Cyril Edgar Ayling (October 1910 – 13 November 1993) was a cricketer who played for Argentina and was a member of the South American cricket team that toured England in 1932. He represented Argentina in three first-class matches against Sir Theodore Brinckman's XI in 1937-38, but also played in non-first-class representational matches for Argentina from 1930 to 1959. He was born in Buenos Aires.

Ayling was a middle-to-lower order right-handed batsman and a right-arm fast medium bowler. On the tour of England in 1932, his batting was not very successful in the six first-class matches, and his highest score was only 34. His bowling was better and he took 19 wickets in first-class games, with a best of five for 48 as he and his brother, Dennet Ayling, bowled the South American team to victory over Sir Julien Cahn's side at Nottingham.
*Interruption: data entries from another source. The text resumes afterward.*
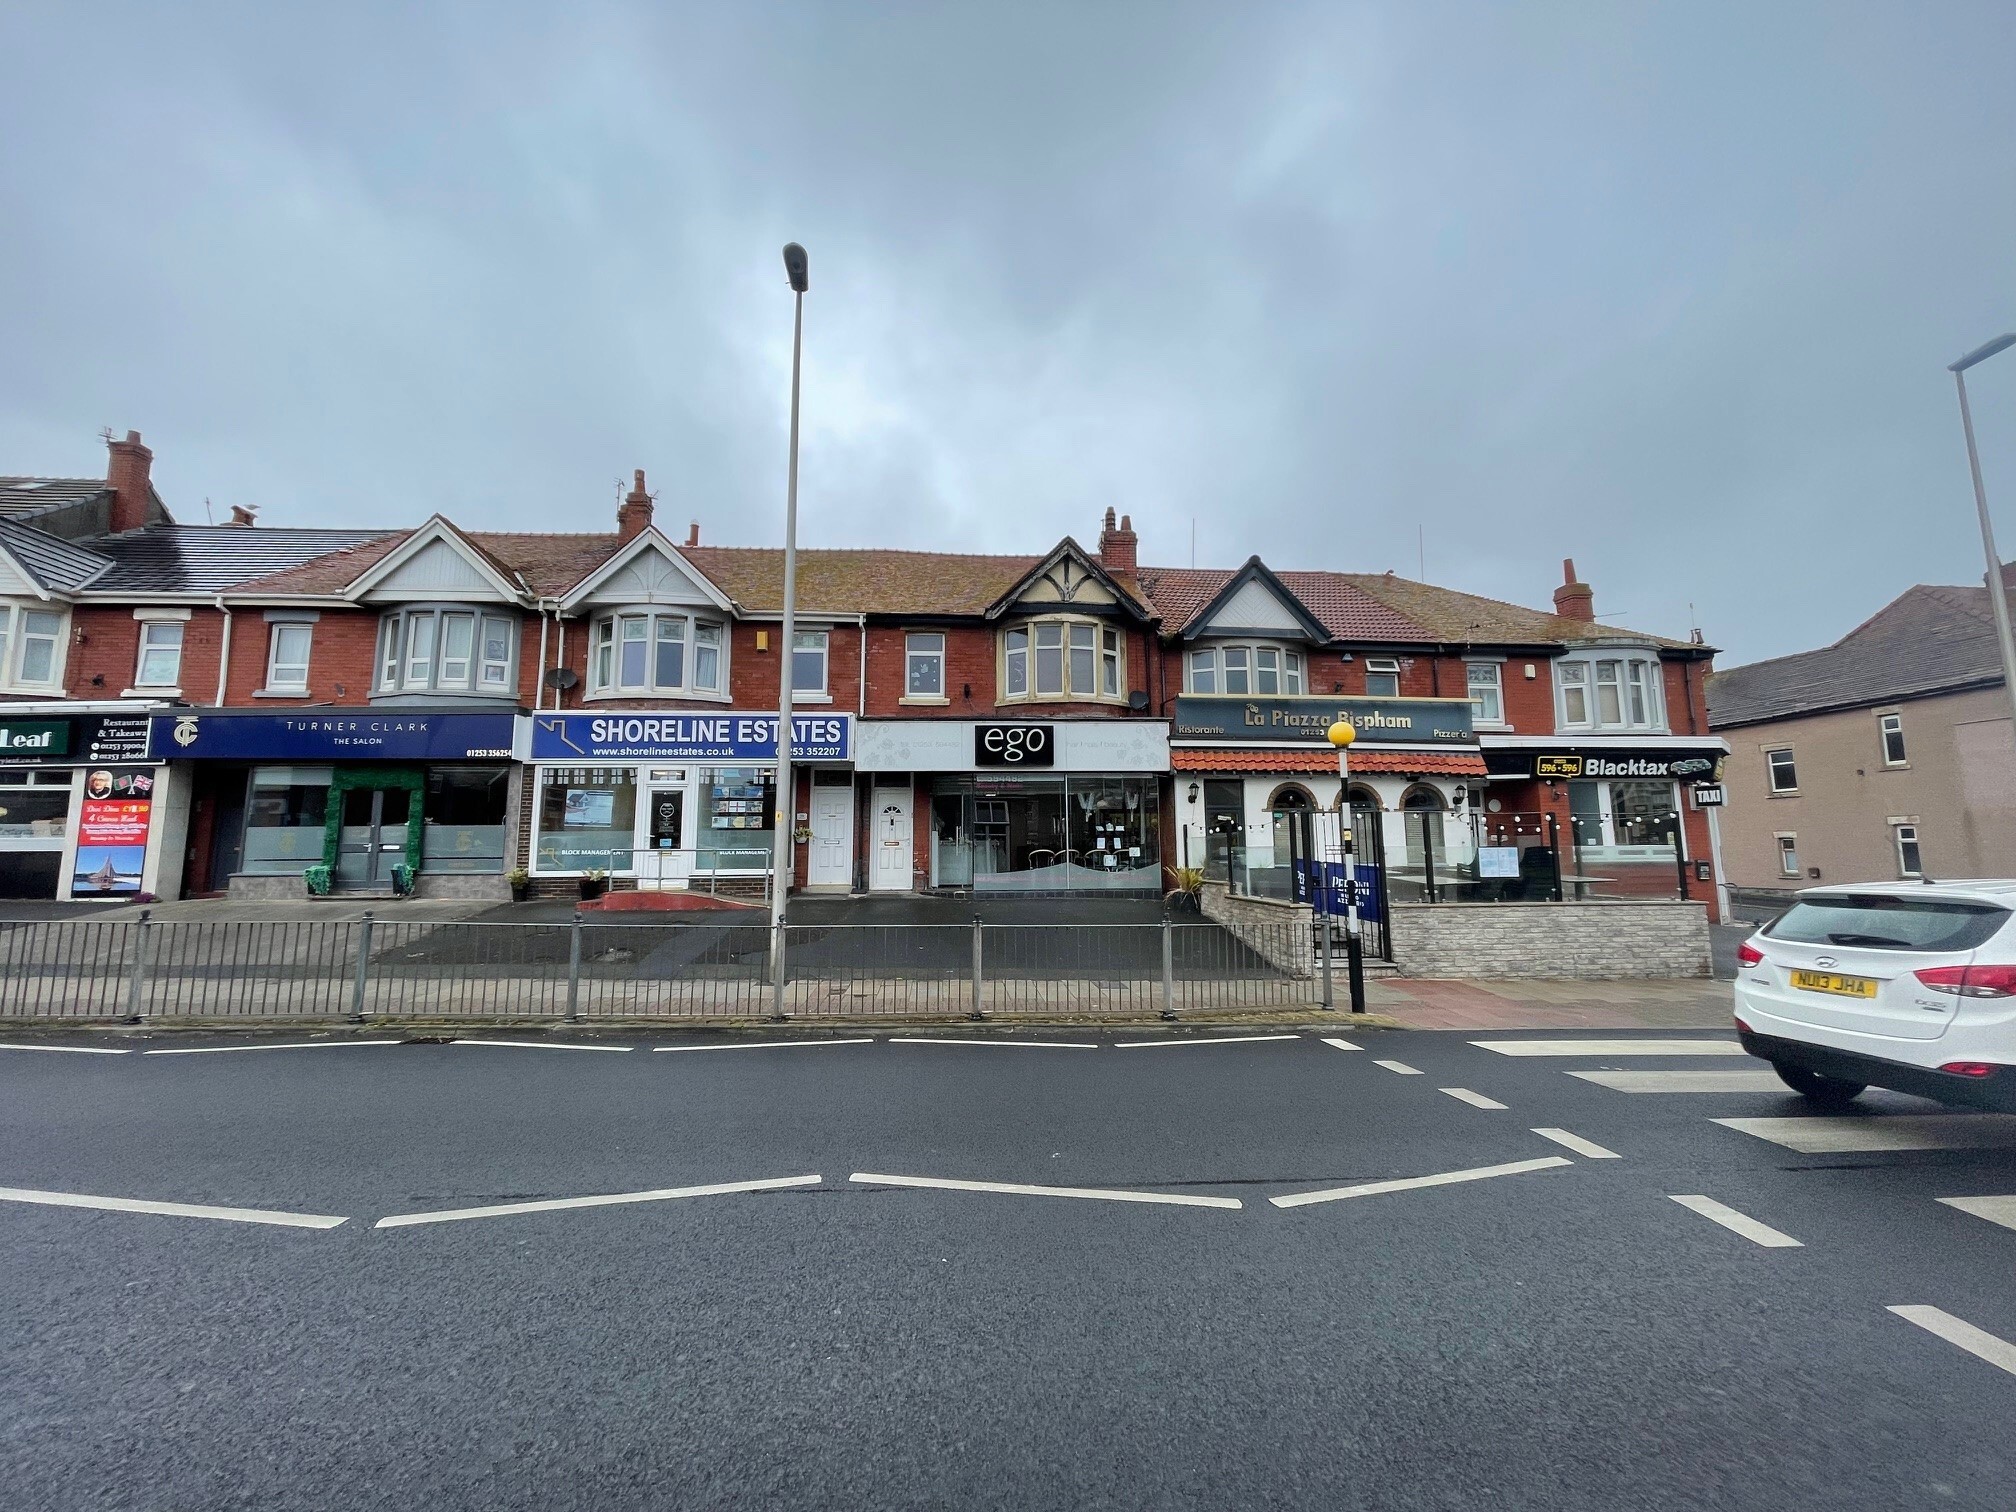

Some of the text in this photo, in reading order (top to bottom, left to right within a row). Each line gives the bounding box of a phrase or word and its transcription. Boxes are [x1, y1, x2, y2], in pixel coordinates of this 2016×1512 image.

[286, 721, 428, 732] TURNER CLARK
[1245, 709, 1411, 731] La Piazza Bispham
[97, 728, 147, 738] & Takeawa
[590, 719, 730, 743] SHORELINE
[1178, 725, 1225, 734] Ristorante
[0, 728, 53, 748] Leaf
[984, 728, 1045, 762] ego
[122, 743, 146, 751] 59004
[466, 749, 512, 757] 01253 356254
[593, 747, 734, 756] www.shorelineestates.co.uk
[806, 747, 841, 756] 352207
[1585, 759, 1668, 776] Blacktax
[1696, 789, 1721, 803] TAXI
[1798, 971, 1866, 994] NU13 JHA
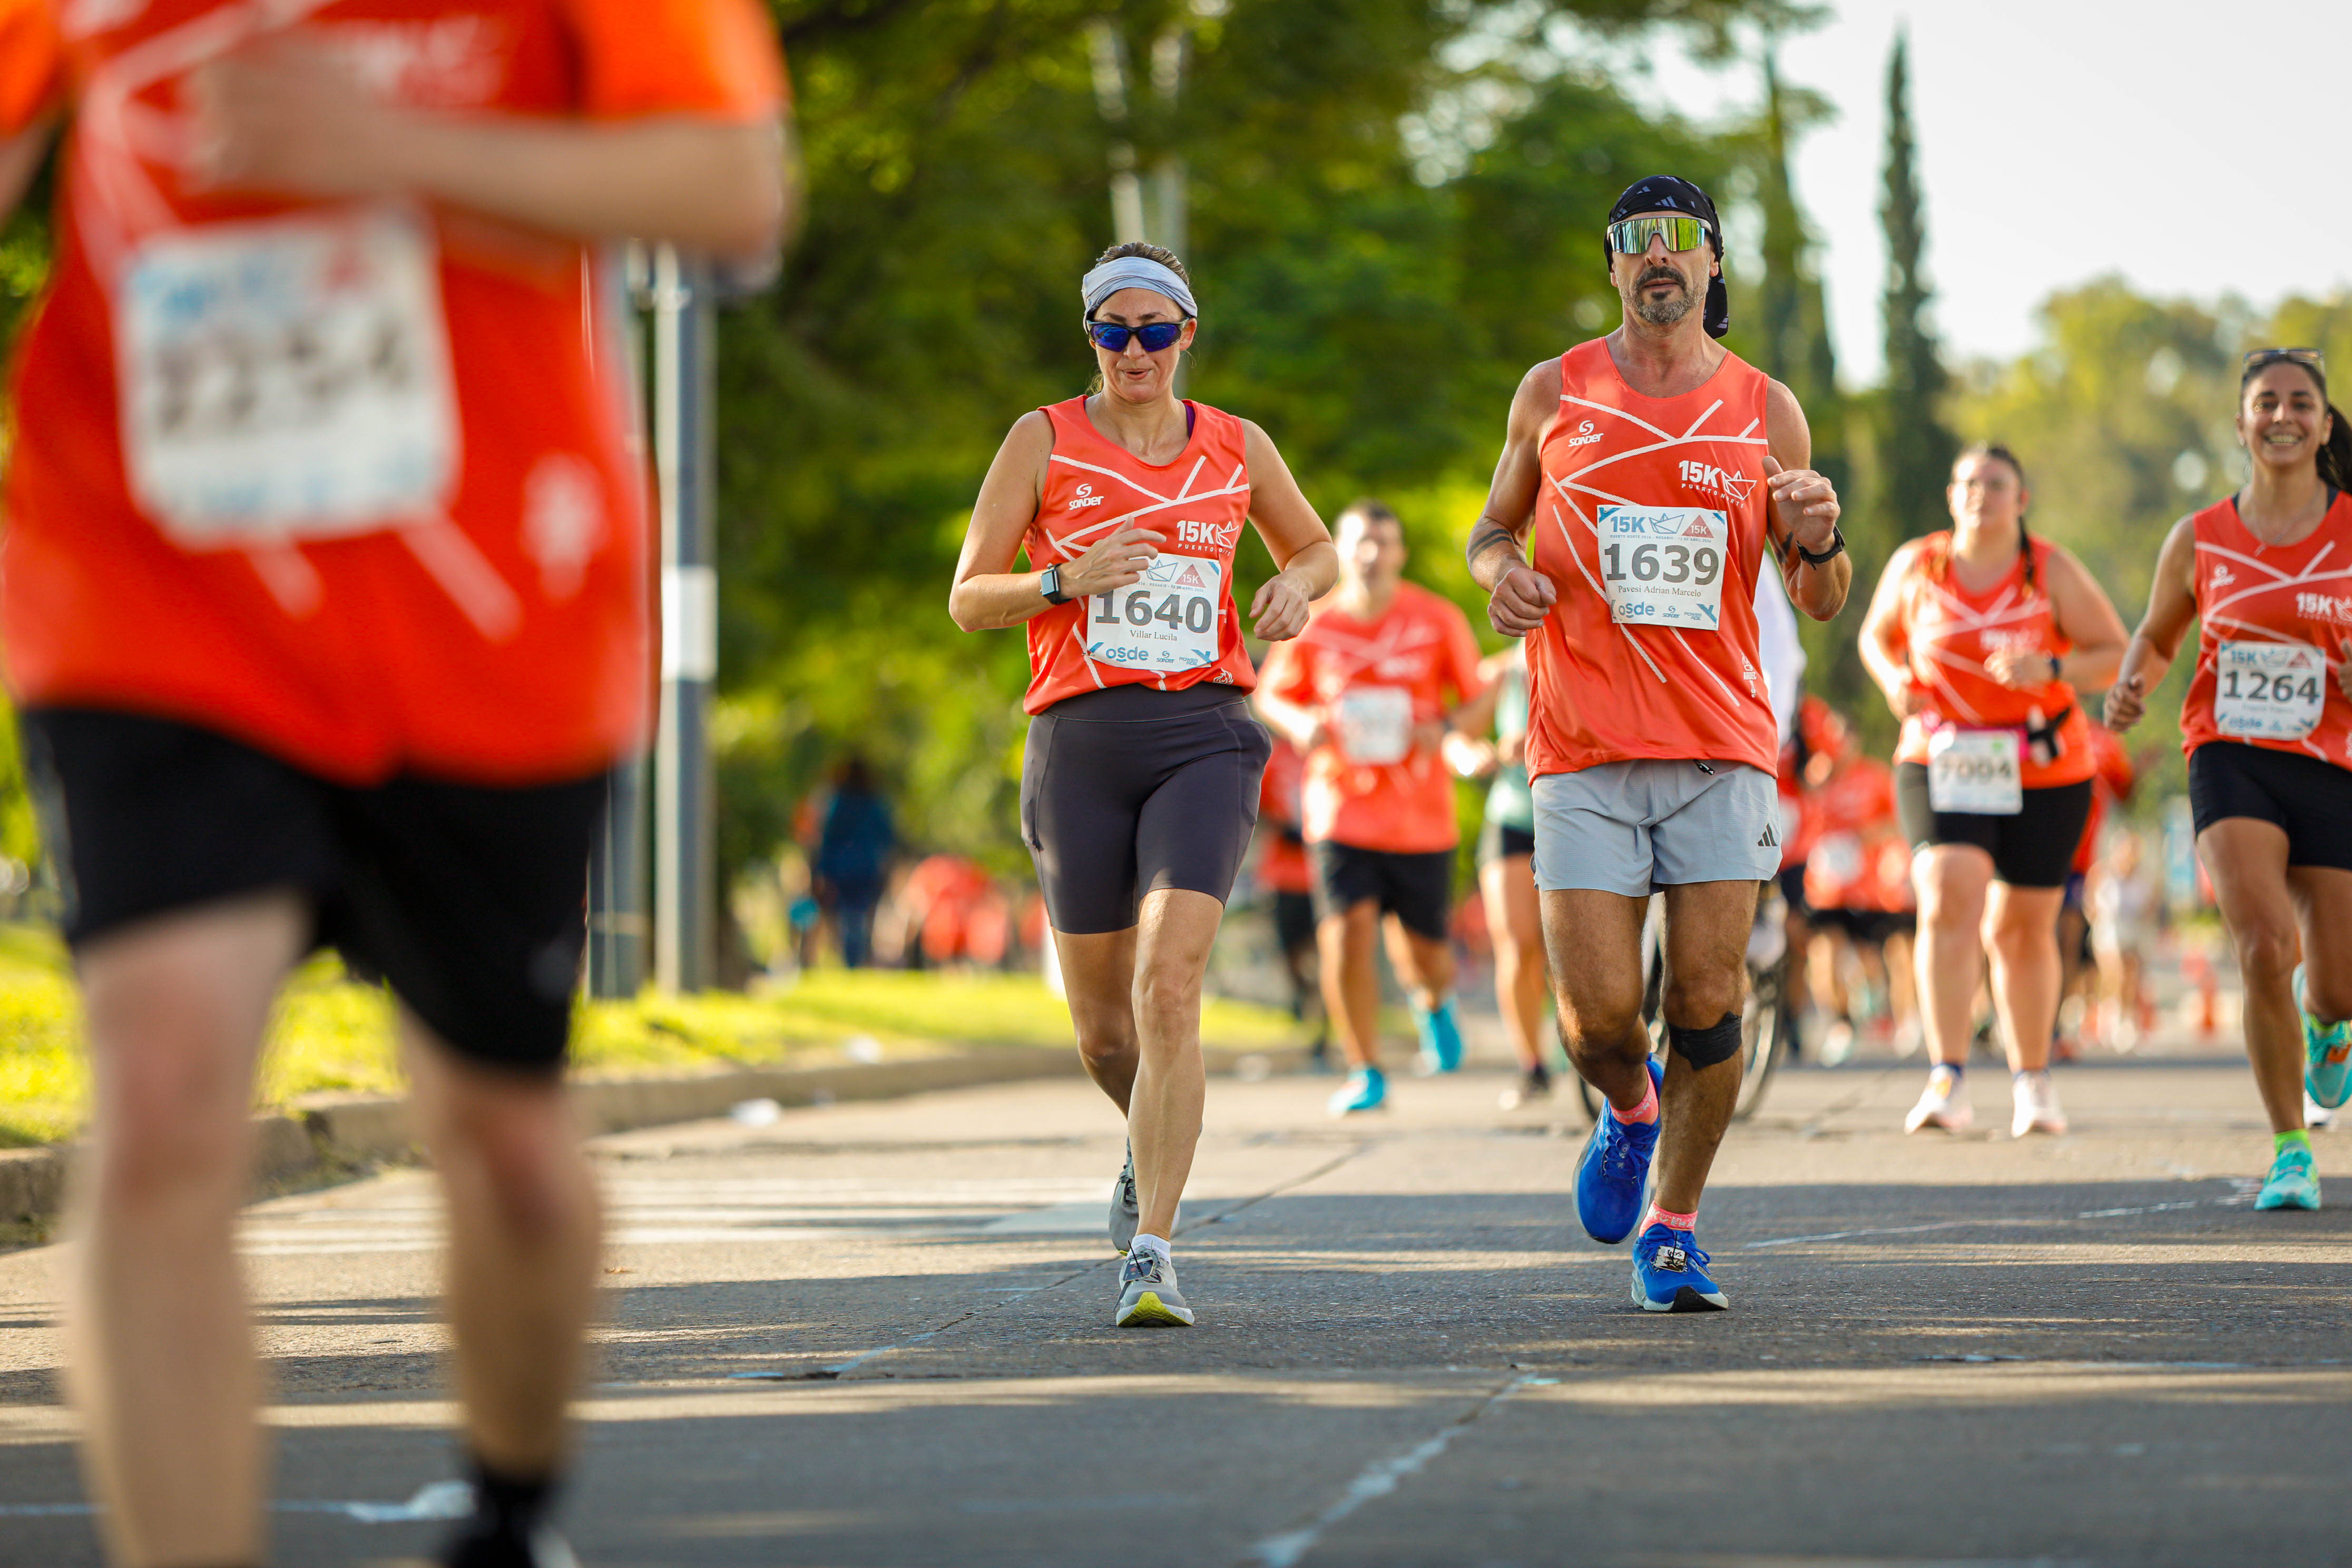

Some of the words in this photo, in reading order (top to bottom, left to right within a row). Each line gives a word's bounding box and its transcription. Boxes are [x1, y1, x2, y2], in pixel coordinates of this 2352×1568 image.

[1679, 460, 1722, 488] 15K
[1681, 483, 1718, 495] PUERTO
[1720, 493, 1745, 508] NORTE
[1177, 520, 1216, 544] 15K
[1610, 516, 1645, 533] 15K
[1690, 525, 1708, 535] 15K
[1178, 543, 1214, 552] PUERTO
[1604, 544, 1719, 585] 1639
[1182, 574, 1199, 584] 15K
[1643, 586, 1670, 594] Adrian
[1672, 587, 1701, 597] Marcelo
[1095, 590, 1212, 634] 1640
[1619, 601, 1655, 617] osde
[2295, 592, 2333, 616] 15K
[1130, 630, 1152, 639] Villar
[1154, 632, 1178, 641] Lucila
[1105, 646, 1149, 661] osde
[2231, 650, 2258, 665] 15K
[2223, 670, 2320, 705] 1264
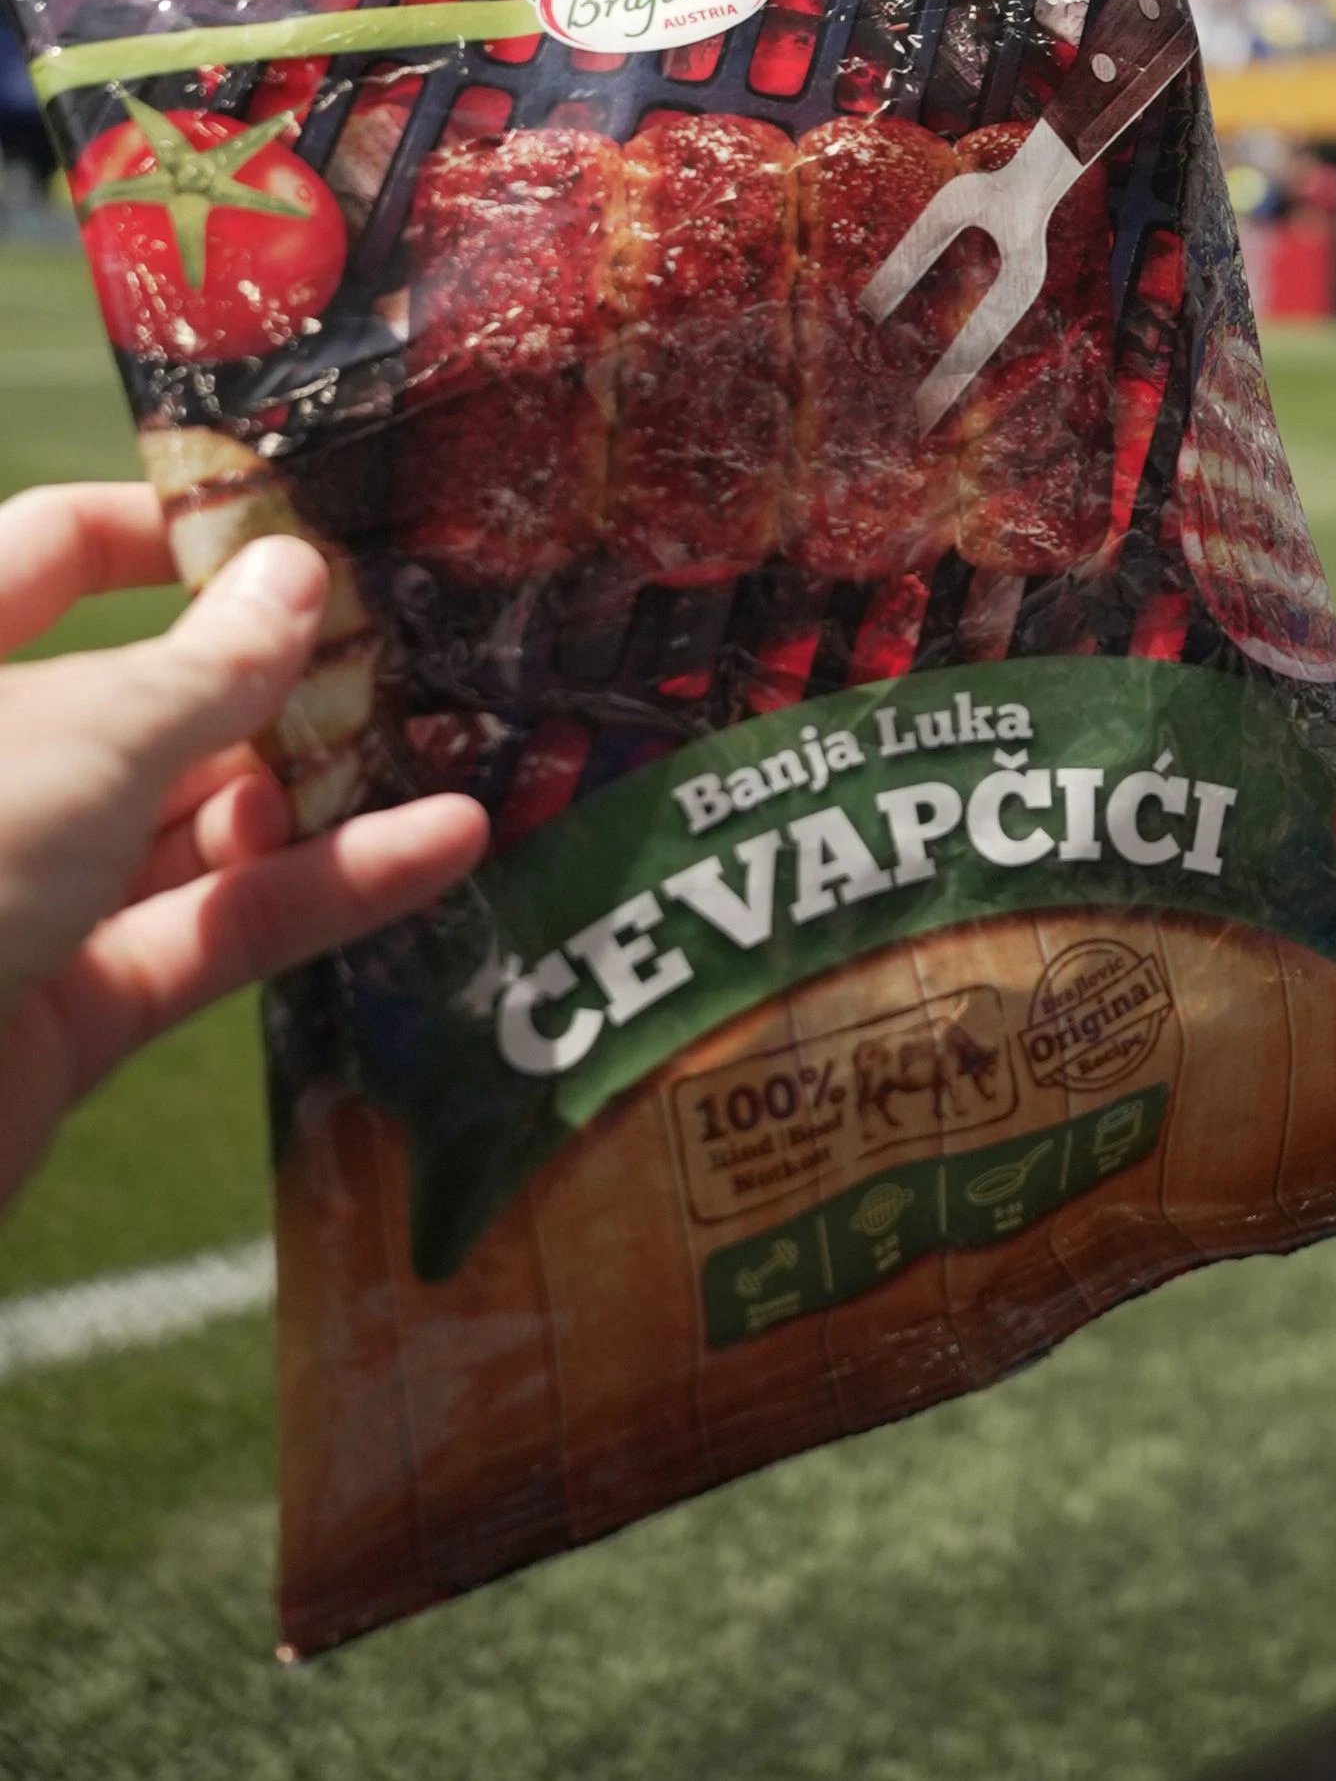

Outside the first-class games, he scored an unbeaten 95 and took five for 72 against MCC at Lord's; his innings averted the follow-on and his victims included Test player Eddie Dawson and former England captain Pelham Warner.

Against Brinckman's XI in 1937-38, Ayling played alongside Dennet and a third brother, Cecil Ayling. His highest score in three matches came in a rearguard action in the last of the three games, in which all three brothers reached 50 – in Cyril's case, exactly 50. His best bowling, four for 95, also came in this match.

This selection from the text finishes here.